Das Gedenkjahr – wie das ganze Musikleben lange durch die Pandemie getrübt – brachte zumindest im deutschsprachigen Raum leider nur wenige prägende Initiativen zur Würdigung des Komponisten. Auch auf dem CD-Markt gab es nur eine Handvoll Editionen und Neuaufnahmen. Zu diesen gehört die vorliegende und ansprechende CD der Philharmonie Südwestfalen, die im Januar 2021 in Siegen aufgenommen wurde. Sie verbindet zwei gängige Werke des Meisters mit einem wenig bekannten Stück. Zwischen dem gerne gespielten ersten Cellokonzert und dem Bacchanale aus der Oper Samson et Dalila ist die erste Sinfonie op. 2 zu hören, ein Frühwerk des damals 17-Jährigen.

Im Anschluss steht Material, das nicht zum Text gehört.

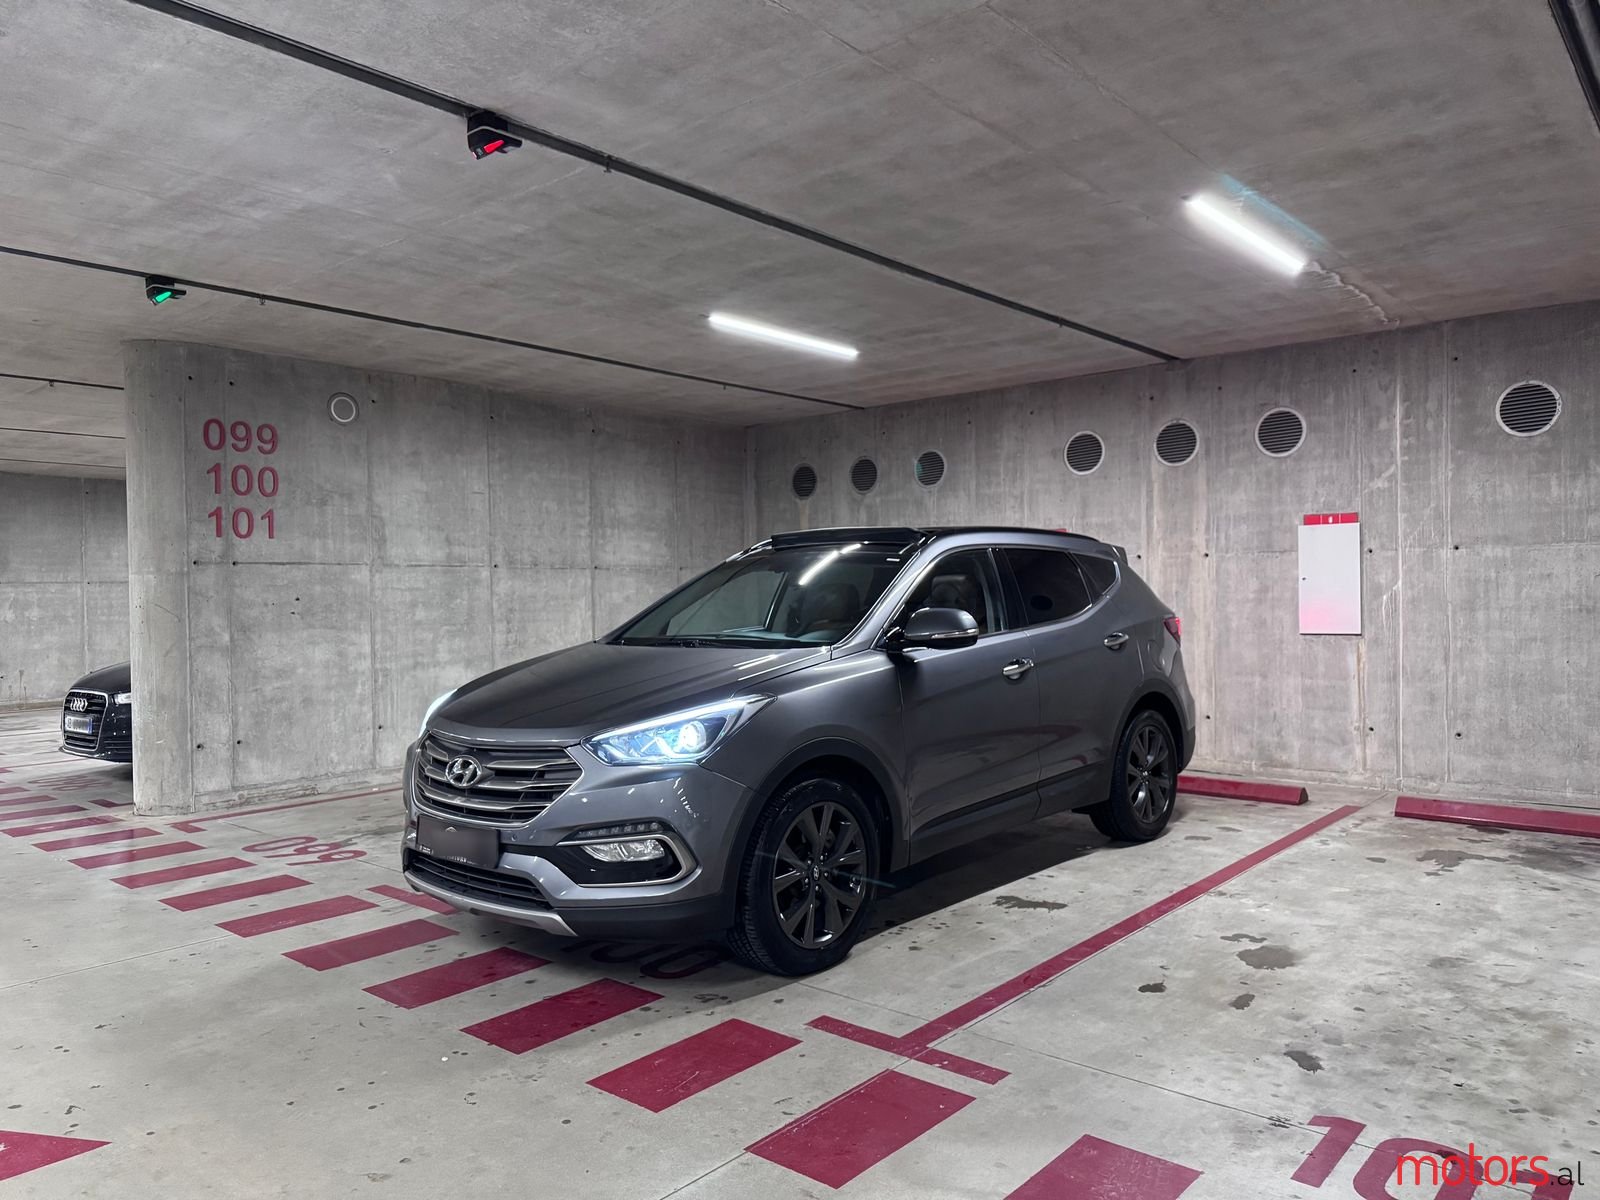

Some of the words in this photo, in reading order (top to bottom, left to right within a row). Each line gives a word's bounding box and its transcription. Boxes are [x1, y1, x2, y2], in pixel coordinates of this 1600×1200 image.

[203, 418, 279, 455] 099
[206, 462, 279, 498] 100
[208, 506, 275, 540] 101
[241, 836, 367, 866] 099

Doch dieses Werk ist erstaunlich reif in der formalen Sicherheit und der weit gespannten Ausdruckswelt – dazu bietet es Musik von großer Anmut und Schönheit.

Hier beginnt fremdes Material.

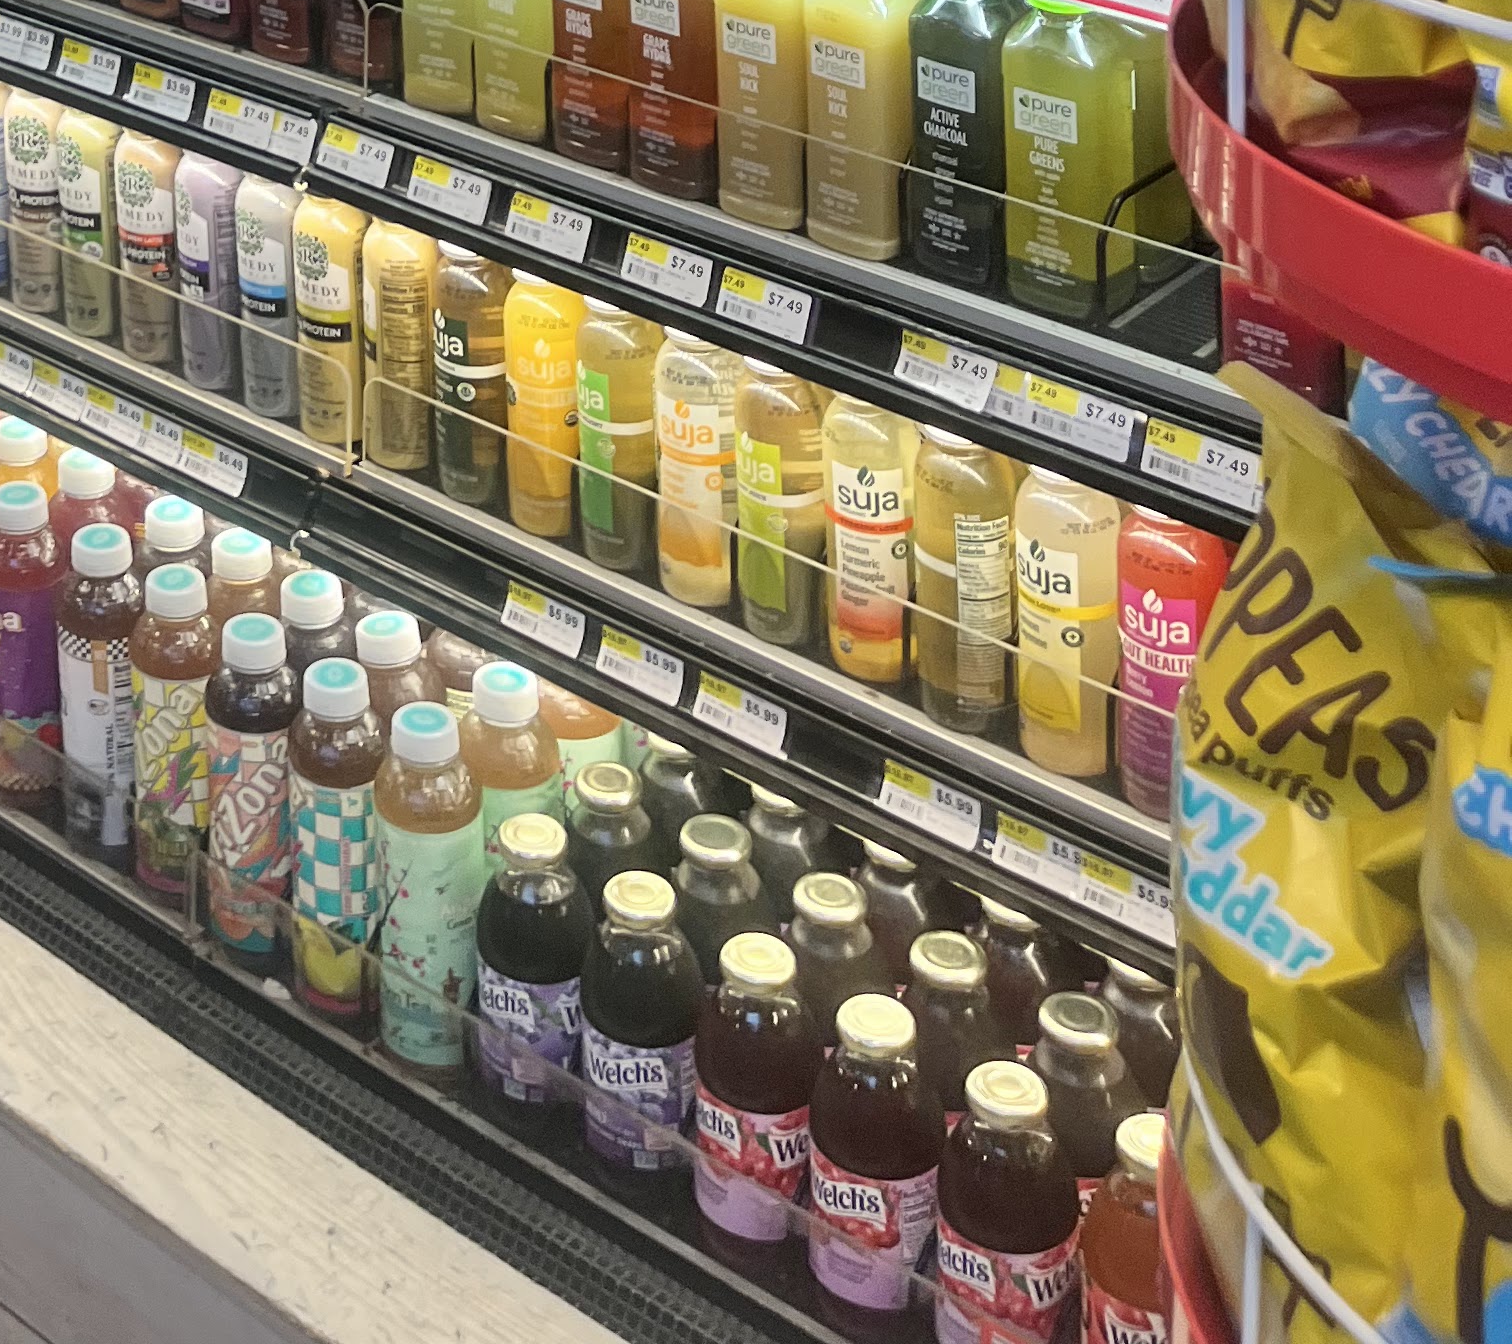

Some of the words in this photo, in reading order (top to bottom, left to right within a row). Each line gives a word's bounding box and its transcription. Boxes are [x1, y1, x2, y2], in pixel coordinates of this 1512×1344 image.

[735, 22, 772, 40] pure
[822, 47, 860, 64] pure
[933, 67, 969, 88] pure
[922, 81, 969, 109] green
[1029, 94, 1071, 118] pure
[931, 108, 959, 127] ACTIVE
[1020, 111, 1070, 139] green
[924, 123, 967, 146] CHARCOAL
[1034, 137, 1059, 154] PURE
[672, 260, 704, 278] $7.49
[769, 296, 802, 313] $7.49
[953, 358, 987, 378] $7.49
[1087, 405, 1126, 427] $7.49
[661, 412, 715, 446] suja
[1206, 448, 1250, 476] $7.49
[838, 485, 900, 516] suja
[1017, 562, 1072, 595] suja
[1125, 603, 1190, 647] suja
[937, 790, 973, 815] $5.99
[481, 987, 529, 1018] elch's
[589, 1059, 665, 1088] Welch's
[811, 1180, 883, 1216] Welch's
[939, 1241, 992, 1283] elch's

Diese Tugenden werden bei der Einspielung durch die Philharmonie Südwestfalen unter Leitung ihres seit 2019 amtierenden Chefdirigenten Nabil Shehata überzeugend zur Wirkung gebracht. Das Orchester spielt kultiviert und mit einem homogenen Gesamtklang. Es ist in allen Registern gut besetzt. Nabil Shehata, der unter anderem Assistent bei Daniel Barenboim war, lässt die Musik des jungen Saint-Saëns natürlich fließen und trifft den Ton und die Atmosphäre des lauteren Werks sehr genau. Superb gelingt der ausdrucksvolle langsame Satz, während das hymnische Finale effektsicher, aber ohne Bombast erklingt. Mit Feuer, Elan und effektvoll eingesetzten Klangfarben überzeugt die zündende Wiedergabe des Bacchanales aus Samson et Dalila.

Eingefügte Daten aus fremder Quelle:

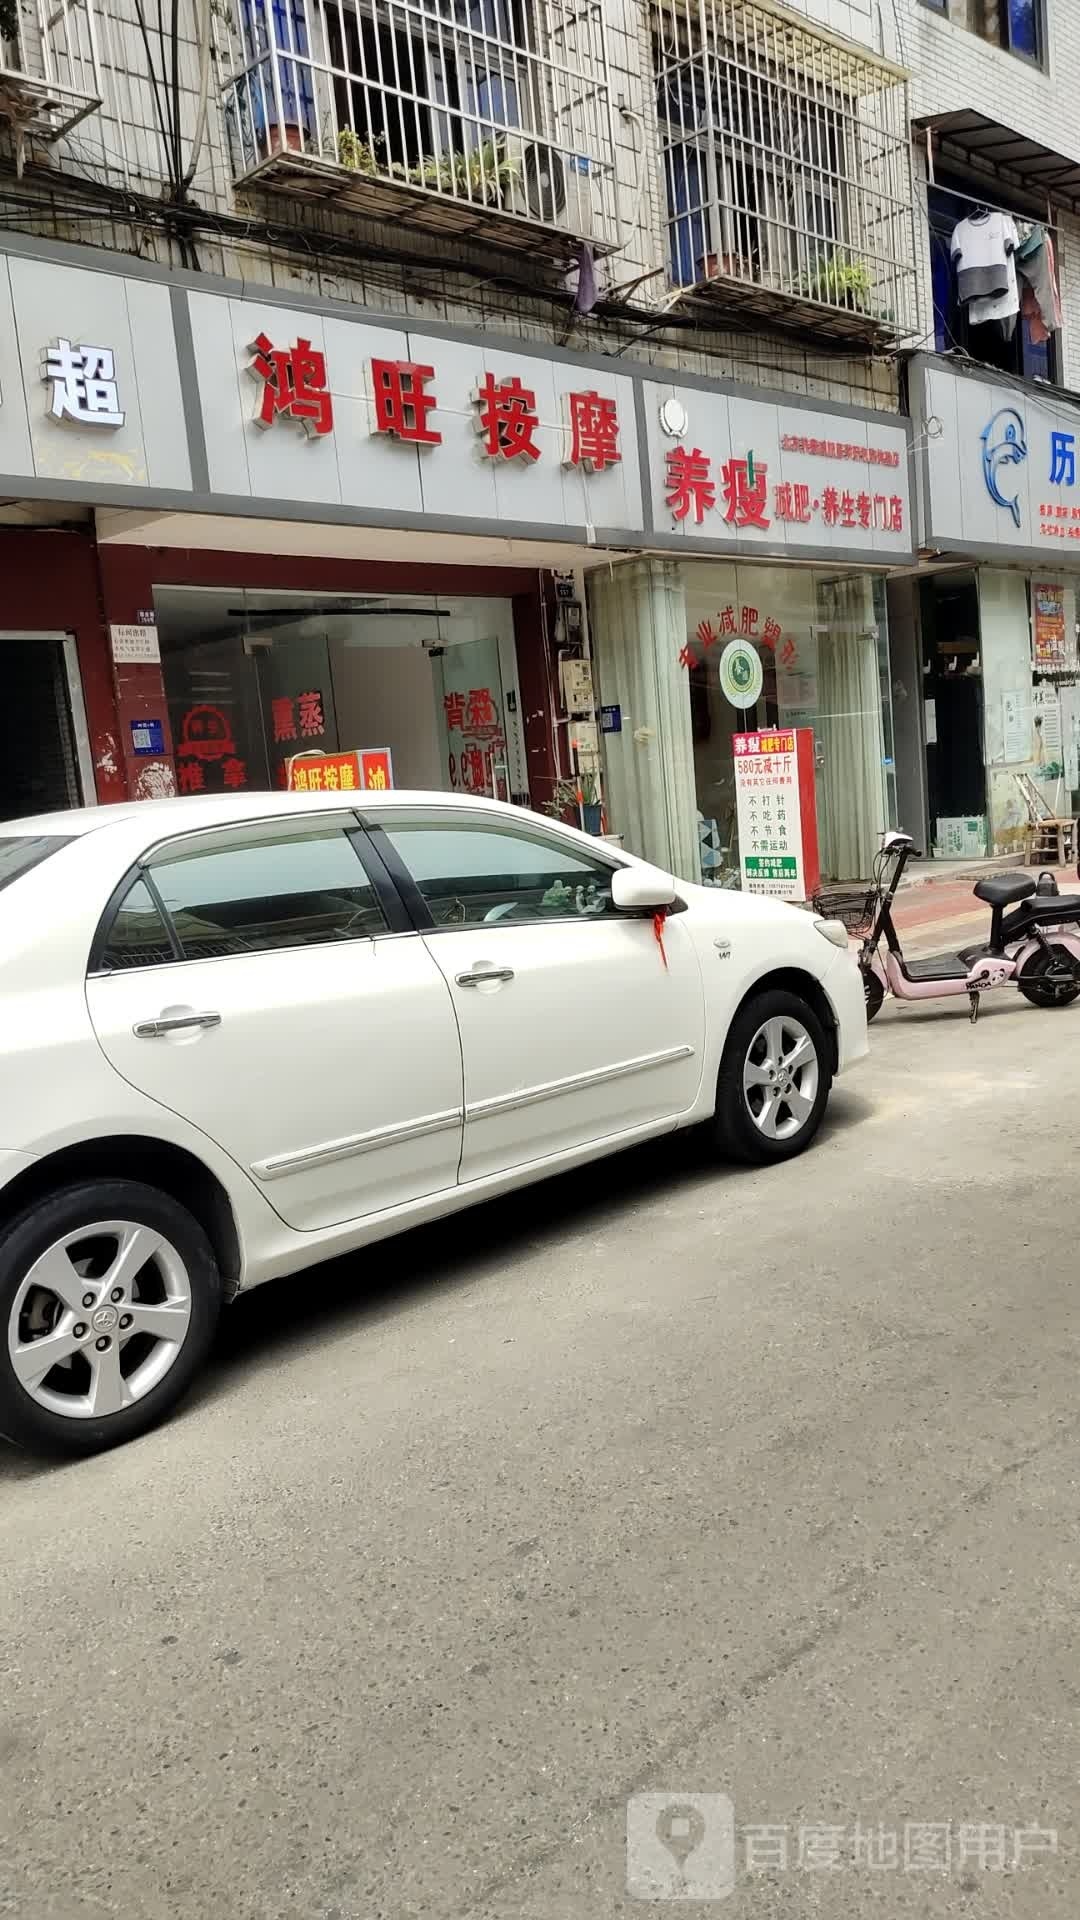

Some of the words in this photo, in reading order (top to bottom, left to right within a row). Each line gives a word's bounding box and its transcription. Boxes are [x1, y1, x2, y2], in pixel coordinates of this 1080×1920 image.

[43, 337, 126, 427] 超
[248, 332, 622, 471] 鸿旺按摩
[664, 445, 772, 529] 养瘦
[737, 755, 792, 774] 580元减十斤
[747, 794, 785, 806] 不打针
[750, 809, 786, 821] 不吃药
[750, 825, 787, 837] 不节食
[752, 840, 788, 851] 不需运动

Die junge französische Cellistin Astrig Siranossian begeistert als Solistin im a-Moll-Cellokonzert op. 33 durch ihr technisch untadeliges und eminent klangschönes Spiel, das vor allem die kantablen und lyrischen Seiten des Stücks bestens zur Wirkung bringt. Das heißt mitnichten, dass sie nicht auch eine Virtuosin von Rang ist, die selbst in den allerhöchsten Lagen noch einen herrlichen Ton pflegt. Das Schöne an dieser Wiedergabe, bei der Siranossian einfühlsam von dem Dirigenten und dem Orchester begleitet wird, ist denn auch das Nachempfinden der Form des im Grunde fünfteiligen Konzerts in einem Satz. Die unterschiedliche Stimmung der einzelnen Teile ist deutlich zu spüren, weil das Musizieren nicht auf äußerliche Show aus ist, sondern sich ganz auf die Musik und ihre Ausdruckswelt konzentriert.
Übrigens: Astrig Siranossian und Nabil Shehata, der unter anderem Kontrabassist bei den Berliner Philharmonikern war, spielten beide in Daniel Barenboims West-Eastern Divan Orchestra.